Investigating What’s Behind the Rise in ADHD | Four Corners Documentary
Why It Matters
Rising ADHD over‑diagnosis threatens to waste public health resources and leaves truly affected Australians without proper support, while boosting pharma revenues.
Key Takeaways
- •ADHD diagnoses in Australian adults have surged beyond expected prevalence.
- •Prescription rates vary dramatically by suburb, with hotspots in WA and Sydney.
- •Social media and “cosmetic psychopharmacology” may drive self‑diagnosis trends.
- •Diagnostic process lacks objective tests, relying heavily on clinician judgment.
- •Over‑prescribing benefits pharma, while missed cases leave vulnerable patients untreated.
Summary
Four Corners’ documentary investigates why adult ADHD diagnoses are soaring across Australia, revealing a complex mix of clinical, commercial and cultural forces.

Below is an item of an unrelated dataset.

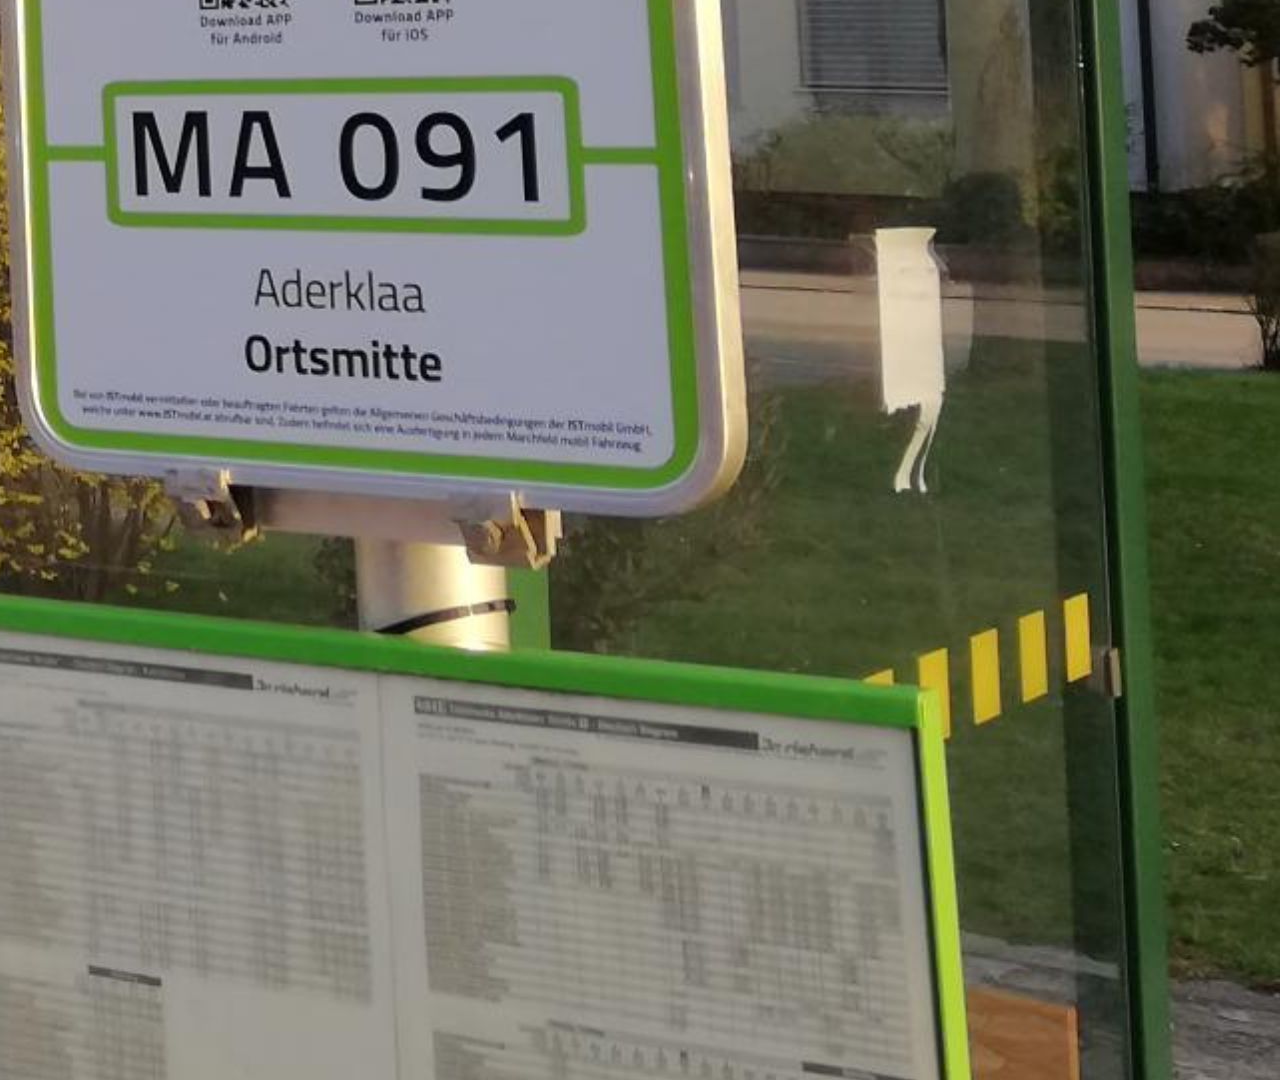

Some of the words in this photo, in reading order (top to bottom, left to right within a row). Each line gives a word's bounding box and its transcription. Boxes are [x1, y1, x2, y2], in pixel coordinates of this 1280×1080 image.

National prescription data show a 30% jump in stimulant use between 2020 and 2024, with adult treatment rates reaching 3.4% in Sydney’s inner‑west and over 4% in Fremantle—well above the 2.5‑3% prevalence experts consider realistic. Women under 44 in some suburbs exceed 6%.
The film follows late‑diagnosed patients like Ben Ddale, whose personal story underscores years of mislabeling, and features experts such as Prof. David Cockill, who defines ADHD’s three core symptom clusters, and Prof. Nick Gloier, who warns that diagnosis often hinges on subjective clinician judgment. Social‑media clips on TikTok illustrate how quick, sensational explanations can fuel self‑diagnosis, a phenomenon some call “cosmetic psychopharmacology.”
If unchecked, over‑prescribing inflates pharmaceutical profits while genuine sufferers remain undiagnosed, straining the health system and compromising care quality. The findings call for stricter diagnostic protocols, better public education, and oversight of tele‑health assessment models.